You might have noticed that every dimension table has a colum with _sk suffix on its name. These columns are surrogate keys. These columns (their data) do not come from the source; we generate them in our dimensional data warehouse. Surrogate key values are usually just meaningless sequential positive integers.

Every fact table that uses a dimension have the dimension's surrogate key; the surrogate keys link the fact to the dimension.

Thursday, September 4, 2008

Same grain of facts

In the sales_fact table we have two facts: sales_amount and order_quantity. They're both numeric. The first one is in dollars; the second, a count.

For your reference I'm showing the DDL of the table here:

CREATE TABLE sales_fact (order_sk INT, customer_sk INT, product_sk INT, date_sk INT, sales_amount DEC(10,2), order_quantity INT);

The sales_amount fact is the total dollar amount of daily sales of each order, each customer, and each product, which is the grain of the fact.
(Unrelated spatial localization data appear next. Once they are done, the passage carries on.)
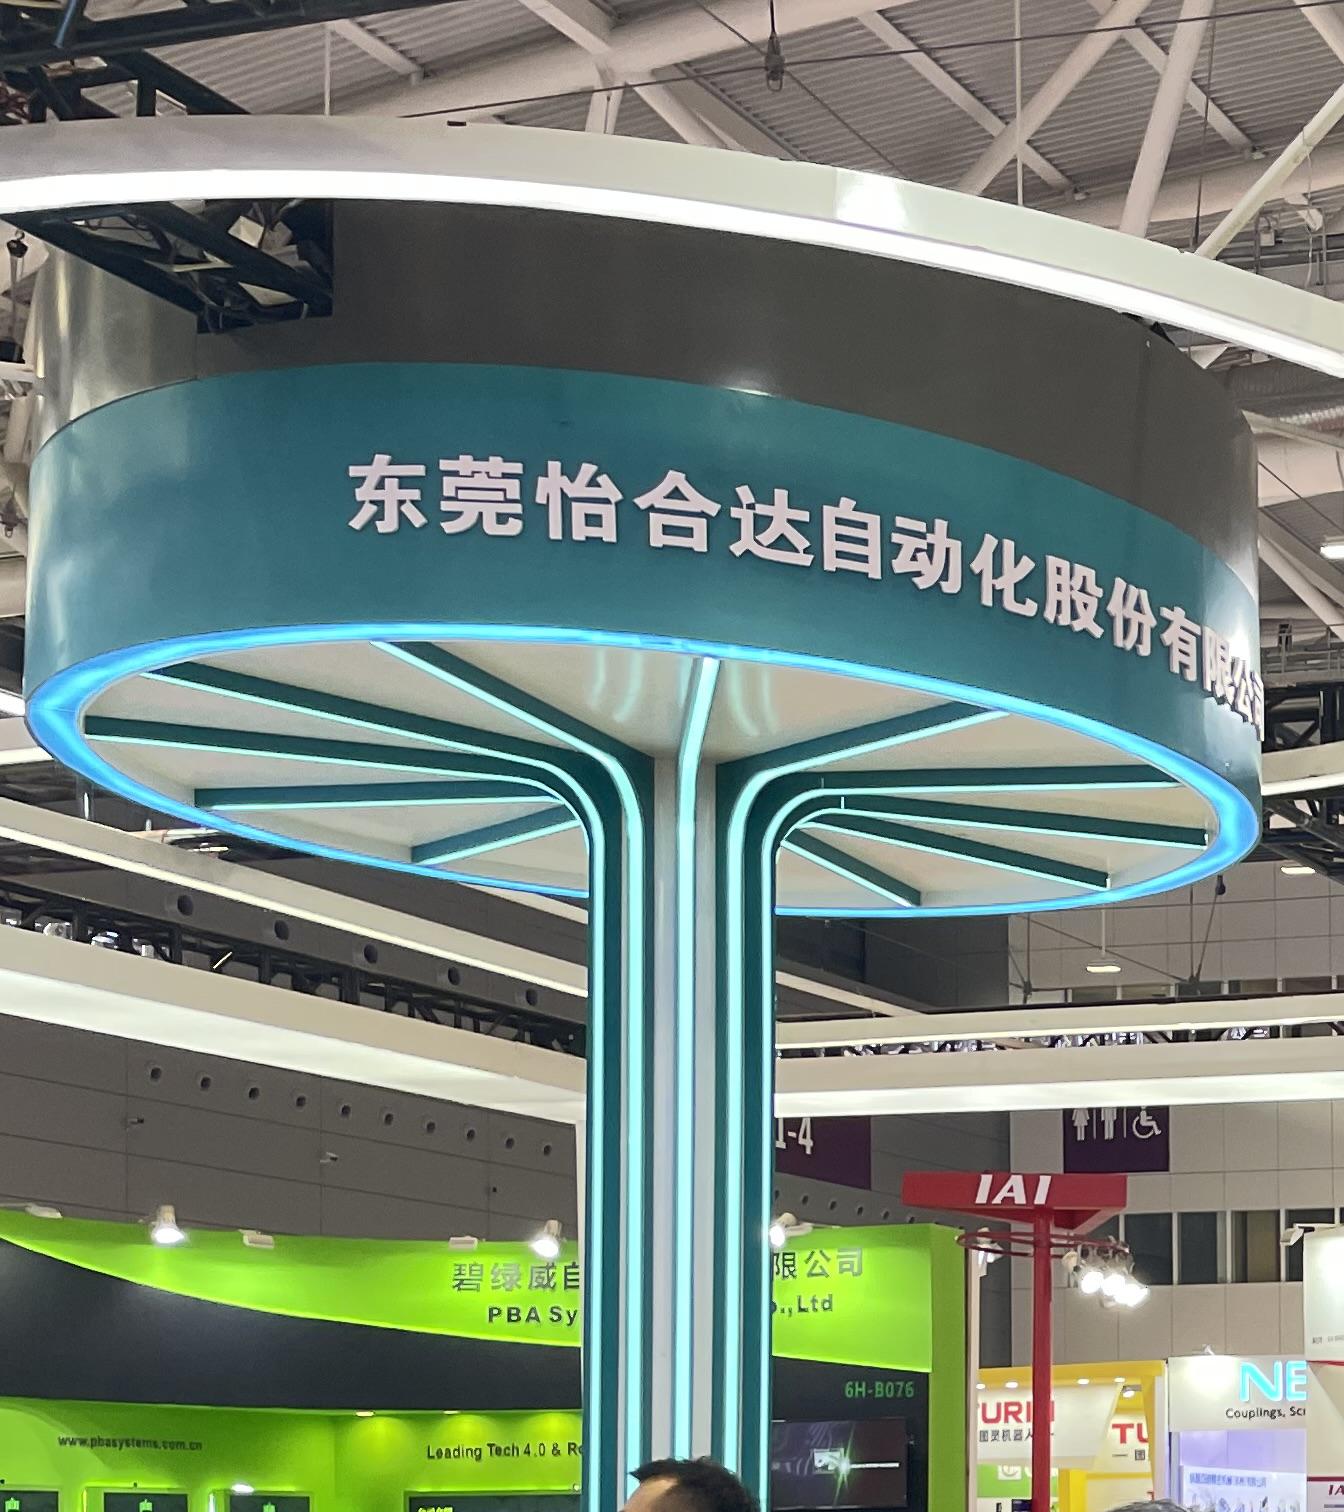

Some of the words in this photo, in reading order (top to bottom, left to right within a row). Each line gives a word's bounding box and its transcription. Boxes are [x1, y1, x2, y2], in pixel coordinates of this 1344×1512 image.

[974, 1174, 1052, 1205] IAI
[452, 1262, 579, 1293] 碧绿威自
[488, 1306, 541, 1324] PBA
[845, 1381, 914, 1398] 6H-B076
[977, 1400, 1055, 1424] URI
[1225, 1408, 1286, 1420] Couplings,
[58, 1435, 202, 1451] www.pbasystems.com.cn
[427, 1445, 482, 1462] Leading
[487, 1443, 519, 1457] Tech
[523, 1442, 546, 1458] 4.0
[551, 1442, 561, 1456] &
The other fact, the order_quantity, in the table must have the same grain.

Wednesday, September 3, 2008

Examples of Star Schema

Here's an example of a star schema (in terms of its tables' DDL) that has an sales fact table and its four dimension tables: order, customer, product, and date.

CREATE TABLE sales_fact (order_sk INT, customer_sk INT, product_sk INT, date_sk INT, sales_amount DEC(10,2), order_quantity INT);
CREATE TABLE order_dim (order_sk INT, order_num INT);
CREATE TABLE customer_dim (customer_sk INT, customer_name CHAR(50));
CREATE TABLE product_dim (product_sk INT, product_code INT, product_name CHAR(50));
CREATE TABLE date_dim (date_sk INT, date DATE);

We can add another fact table (production_fact), which makes our schema a two-star schema:

CREATE TABLE production_fact (product_sk INT, factory_sk INT, date_sk INT, production_quantity INT);
CREATE TABLE factory_dim (factory_sk INT, factory_code INT, factory_name CHAR(50));

Note that this 2nd star (its production_fact table) shares the product_dim and date_dim tables from the 1st schema.
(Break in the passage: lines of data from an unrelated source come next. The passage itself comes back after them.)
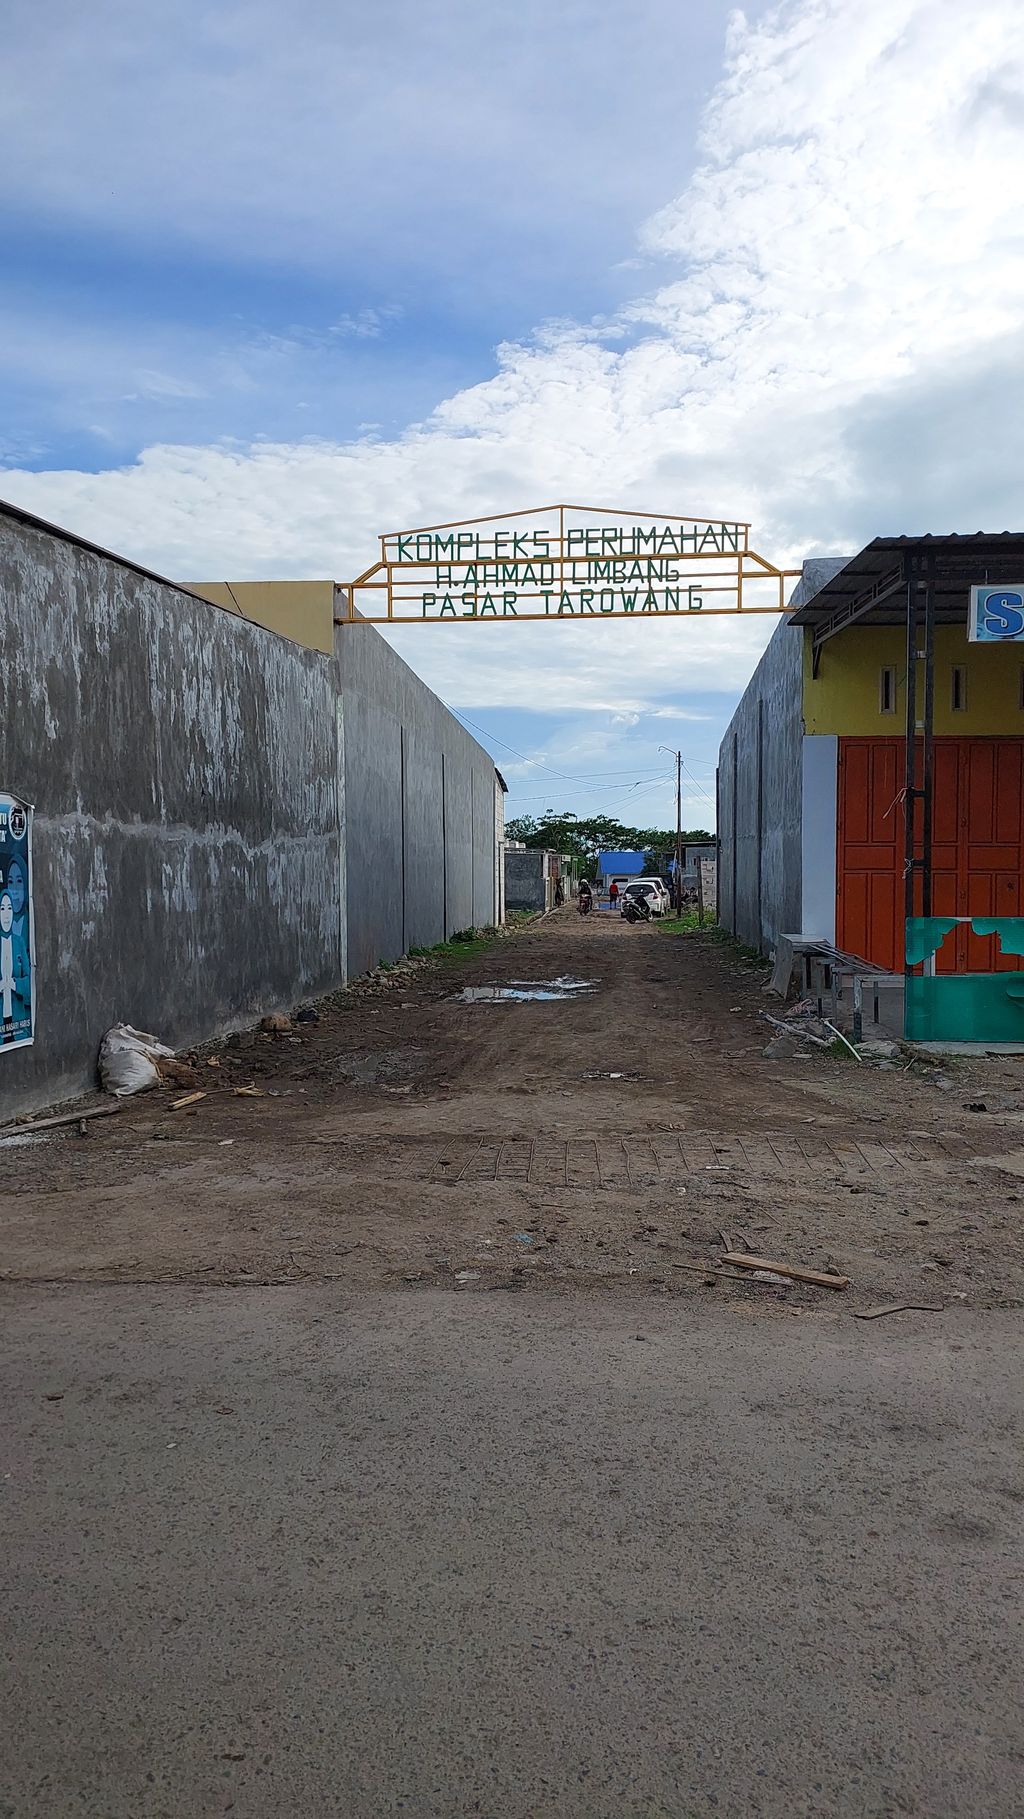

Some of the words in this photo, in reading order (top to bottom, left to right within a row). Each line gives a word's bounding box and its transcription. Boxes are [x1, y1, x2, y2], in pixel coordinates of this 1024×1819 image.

[398, 531, 550, 562] KOMPLEKS
[568, 524, 738, 557] PERUMAHAN
[572, 558, 680, 585] LIMBANG
[422, 590, 518, 617] PASAR
[540, 585, 703, 614] TAROWANG
Tuesday, September 2, 2008

Star Schema

If you draw a diagram of your dimensional tables, how a fact table is related (surrounded) to its dimension tables, you'll see a star schema. The fact table is the star's centre; the dimension tables, the corners.
Your schema can have multiple stars, one for each of your fact tables.
Note that a dimensional table might be related (shared) to more than one fact table.

Wednesday, August 27, 2008

Two types of tables

Dimensional data warehouse has two types of tables (I’m talking about relational database tables here). The so-called fact table contains fact data, which is WHAT you want to analyze (fact is a.k.a. measure). Fact is numeric. Any measurement can be a fact, e.g. sales amount, count (of anything), percentage (of change), duration (elapsed time), score (soccer match result), grade (as in school), and rank (as in competition).

On the other hand, dimension table contains data that provides you with the HOW you want to analyze the fact(s) in the fact table. For example, if you want to analyze the dollar sales amount by four dimensions: month, product, sales region, and customer segment, you must have Month, Product, Sales Region, Customer Segment dimension tables. Dimension data is typically textual. The Month dimension table, for example, contains “JAN 2008”, “FEB 2008”... rows of data.